(DATA)

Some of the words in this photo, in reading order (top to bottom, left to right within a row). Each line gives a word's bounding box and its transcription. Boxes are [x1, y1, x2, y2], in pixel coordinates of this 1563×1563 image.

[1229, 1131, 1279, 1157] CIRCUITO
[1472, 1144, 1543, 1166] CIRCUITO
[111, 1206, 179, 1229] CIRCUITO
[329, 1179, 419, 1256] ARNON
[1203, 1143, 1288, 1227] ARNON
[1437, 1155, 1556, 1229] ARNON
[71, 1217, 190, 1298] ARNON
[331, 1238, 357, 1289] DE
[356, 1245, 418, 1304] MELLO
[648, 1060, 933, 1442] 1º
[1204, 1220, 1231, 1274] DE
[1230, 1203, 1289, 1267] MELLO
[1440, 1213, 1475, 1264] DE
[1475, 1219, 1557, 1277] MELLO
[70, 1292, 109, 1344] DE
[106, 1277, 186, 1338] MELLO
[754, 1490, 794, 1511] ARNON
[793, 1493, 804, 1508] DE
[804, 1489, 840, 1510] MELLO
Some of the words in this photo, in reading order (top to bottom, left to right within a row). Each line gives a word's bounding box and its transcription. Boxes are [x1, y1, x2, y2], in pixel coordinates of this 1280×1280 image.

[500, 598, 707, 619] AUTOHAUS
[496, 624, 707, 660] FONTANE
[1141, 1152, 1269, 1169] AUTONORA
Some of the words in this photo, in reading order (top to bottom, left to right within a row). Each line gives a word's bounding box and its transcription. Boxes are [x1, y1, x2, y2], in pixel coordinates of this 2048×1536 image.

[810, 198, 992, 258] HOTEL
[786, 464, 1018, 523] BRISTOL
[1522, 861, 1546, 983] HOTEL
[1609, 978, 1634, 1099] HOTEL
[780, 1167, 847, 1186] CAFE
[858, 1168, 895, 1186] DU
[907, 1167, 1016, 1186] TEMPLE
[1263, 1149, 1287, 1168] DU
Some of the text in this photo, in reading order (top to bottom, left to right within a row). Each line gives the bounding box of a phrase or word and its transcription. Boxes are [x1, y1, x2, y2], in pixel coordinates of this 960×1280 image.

(End DATA)

§ **ACTION ITEM**: Retype each line of the data exactly as it reads.

§ **THE COMPLETED TASK**:
Some of the words in this photo, in reading order (top to bottom, left to right within a row). Each line gives a word's bounding box and its transcription. Boxes are [x1, y1, x2, y2], in pixel coordinates of this 1563×1563 image.

[1229, 1131, 1279, 1157] CIRCUITO
[1472, 1144, 1543, 1166] CIRCUITO
[111, 1206, 179, 1229] CIRCUITO
[329, 1179, 419, 1256] ARNON
[1203, 1143, 1288, 1227] ARNON
[1437, 1155, 1556, 1229] ARNON
[71, 1217, 190, 1298] ARNON
[331, 1238, 357, 1289] DE
[356, 1245, 418, 1304] MELLO
[648, 1060, 933, 1442] 1º
[1204, 1220, 1231, 1274] DE
[1230, 1203, 1289, 1267] MELLO
[1440, 1213, 1475, 1264] DE
[1475, 1219, 1557, 1277] MELLO
[70, 1292, 109, 1344] DE
[106, 1277, 186, 1338] MELLO
[754, 1490, 794, 1511] ARNON
[793, 1493, 804, 1508] DE
[804, 1489, 840, 1510] MELLO
Some of the words in this photo, in reading order (top to bottom, left to right within a row). Each line gives a word's bounding box and its transcription. Boxes are [x1, y1, x2, y2], in pixel coordinates of this 1280×1280 image.

[500, 598, 707, 619] AUTOHAUS
[496, 624, 707, 660] FONTANE
[1141, 1152, 1269, 1169] AUTONORA
Some of the words in this photo, in reading order (top to bottom, left to right within a row). Each line gives a word's bounding box and its transcription. Boxes are [x1, y1, x2, y2], in pixel coordinates of this 2048×1536 image.

[810, 198, 992, 258] HOTEL
[786, 464, 1018, 523] BRISTOL
[1522, 861, 1546, 983] HOTEL
[1609, 978, 1634, 1099] HOTEL
[780, 1167, 847, 1186] CAFE
[858, 1168, 895, 1186] DU
[907, 1167, 1016, 1186] TEMPLE
[1263, 1149, 1287, 1168] DU
Some of the text in this photo, in reading order (top to bottom, left to right within a row). Each line gives the bounding box of a phrase or word and its transcription. Boxes are [x1, y1, x2, y2], in pixel coordinates of this 960×1280 image.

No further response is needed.